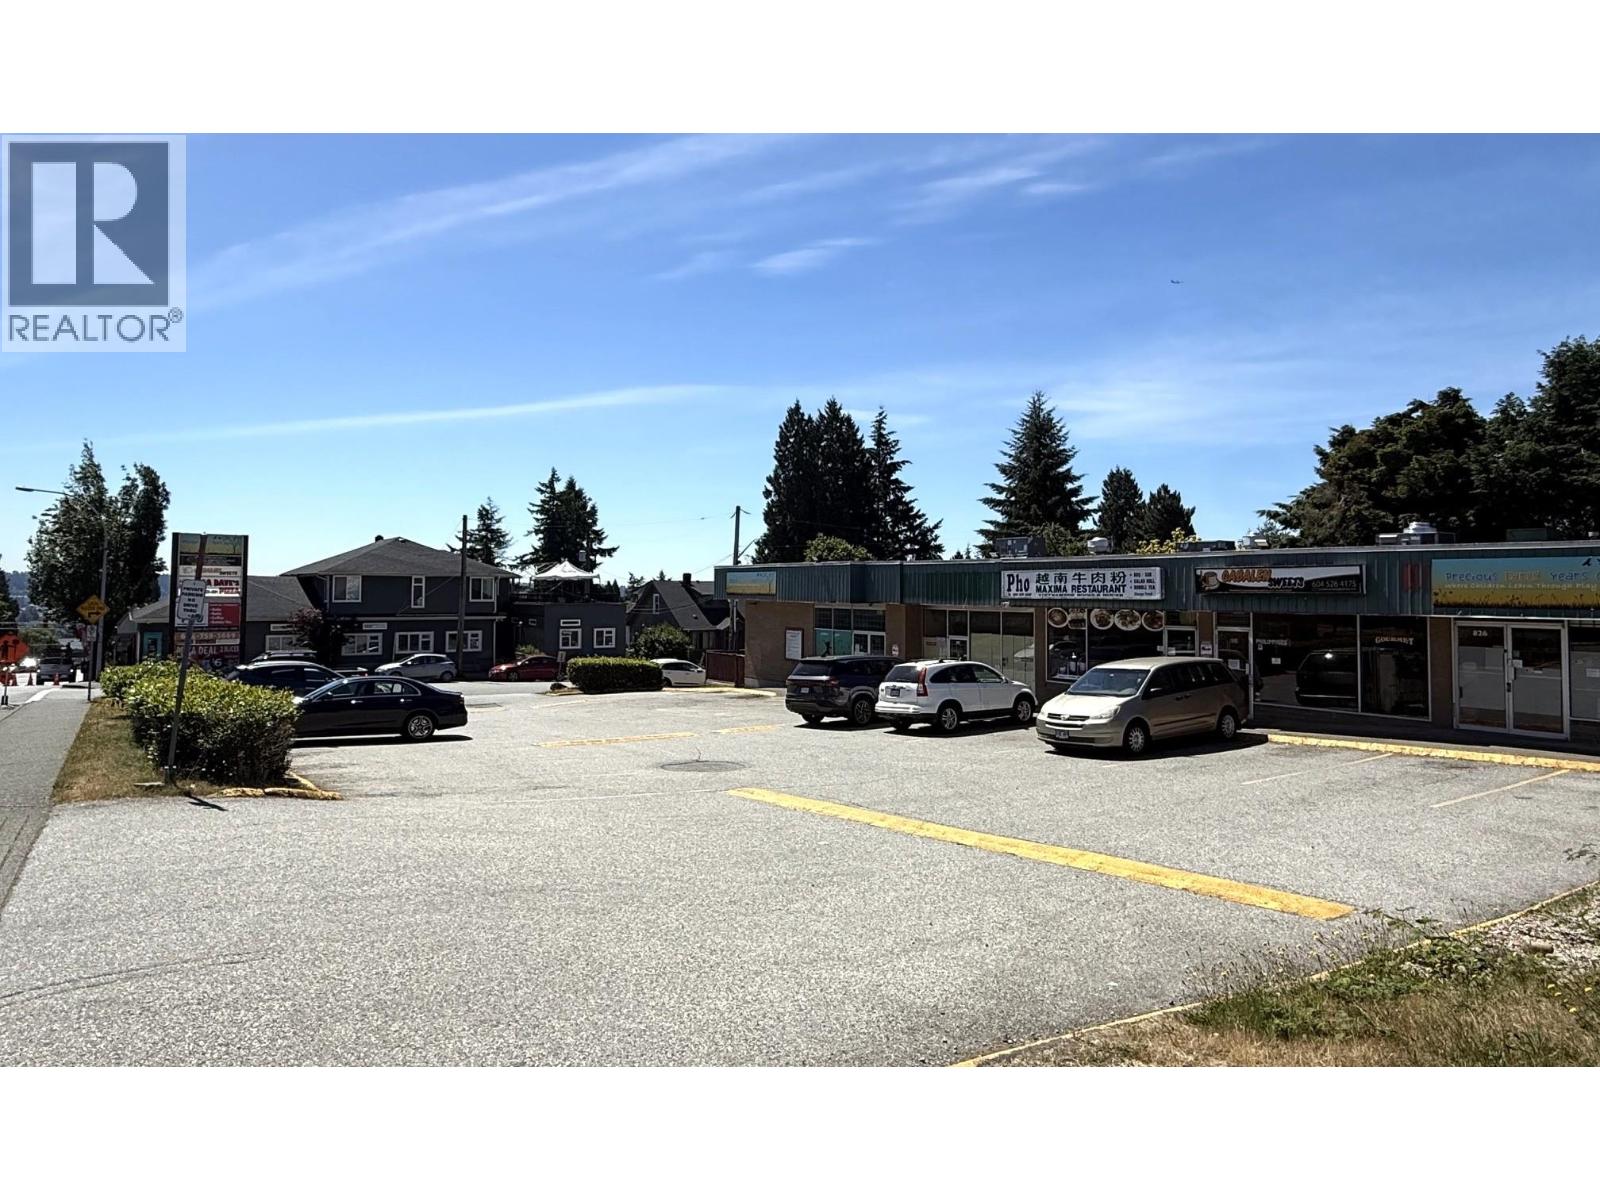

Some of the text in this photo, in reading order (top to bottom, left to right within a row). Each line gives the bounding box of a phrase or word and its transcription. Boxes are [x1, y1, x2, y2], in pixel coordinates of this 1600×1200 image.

[1035, 570, 1127, 585] 越南牛肉粉
[1446, 571, 1498, 582] Precious
[1550, 571, 1588, 581] Years
[1006, 573, 1030, 592] Pho
[1311, 580, 1325, 588] 604
[1575, 583, 1598, 591] Play
[1035, 584, 1127, 594] MAXIMA RESTAURANT
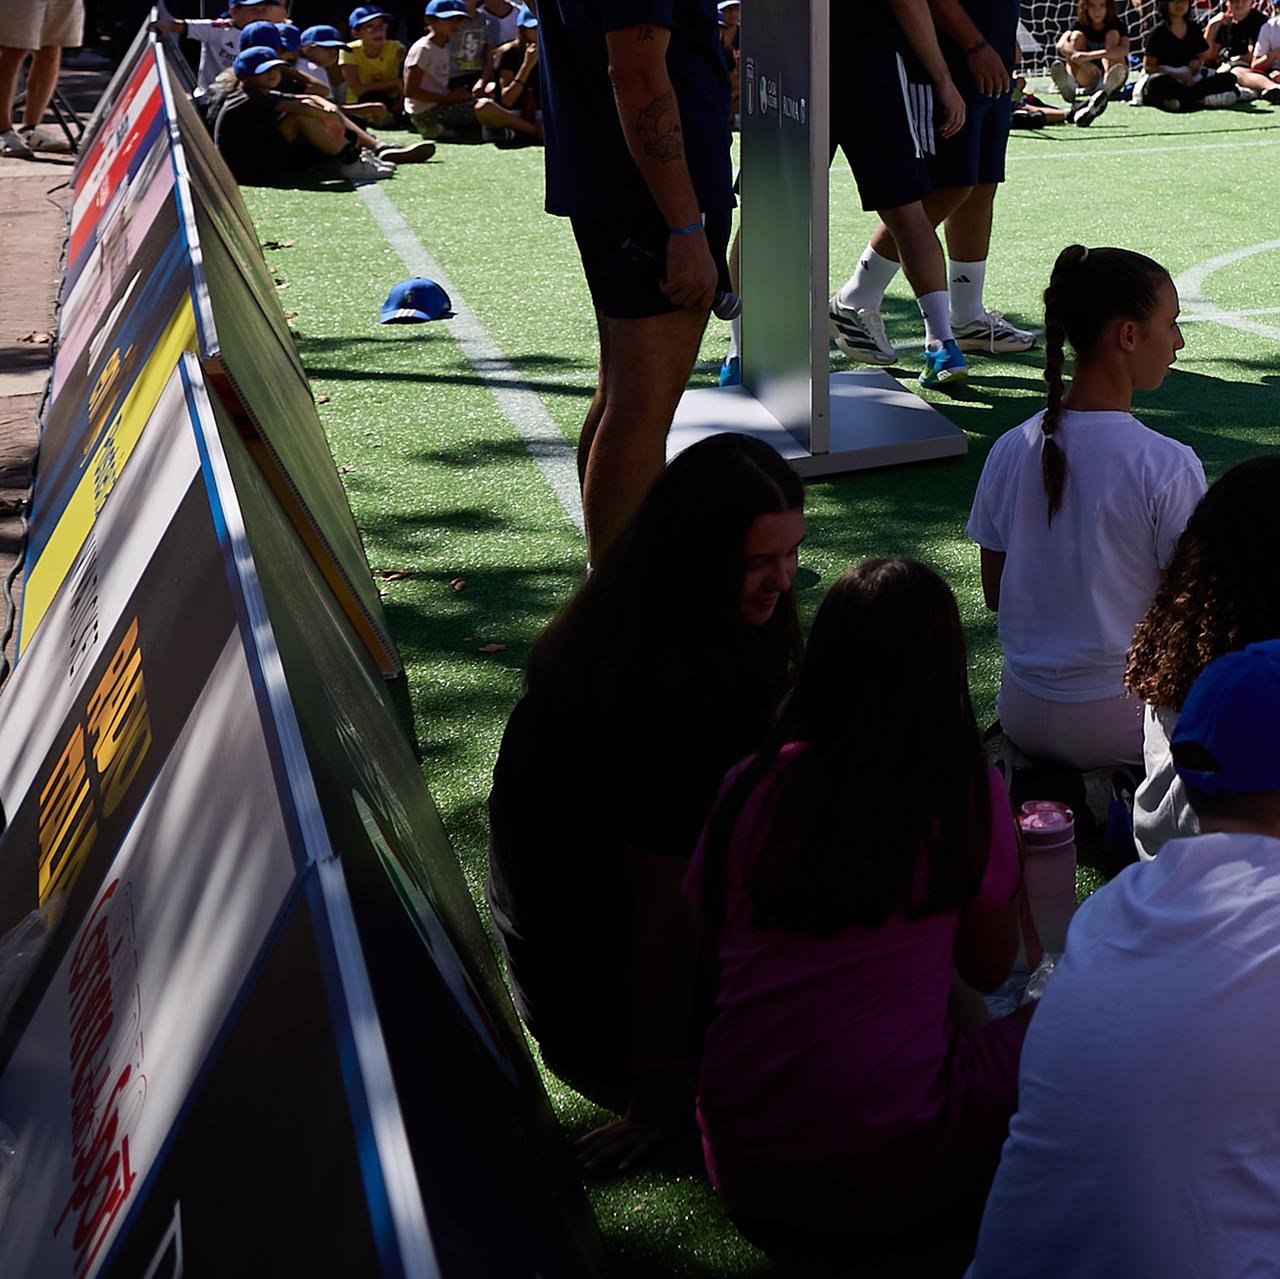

• • •

■ WORK TO BE COMPLETED
Return the material exactly as given, apart from the pictures.

■ EXERCISE SOLUTION
Some of the text in this photo, in reading order (top to bottom, left to right within a row). Each line gives the bounding box of a phrase or word and its transcription. Boxes are [x1, y1, x2, y2], in pixel coordinates of this 1600×1200 image.

[1035, 570, 1127, 585] 越南牛肉粉
[1446, 571, 1498, 582] Precious
[1550, 571, 1588, 581] Years
[1006, 573, 1030, 592] Pho
[1311, 580, 1325, 588] 604
[1575, 583, 1598, 591] Play
[1035, 584, 1127, 594] MAXIMA RESTAURANT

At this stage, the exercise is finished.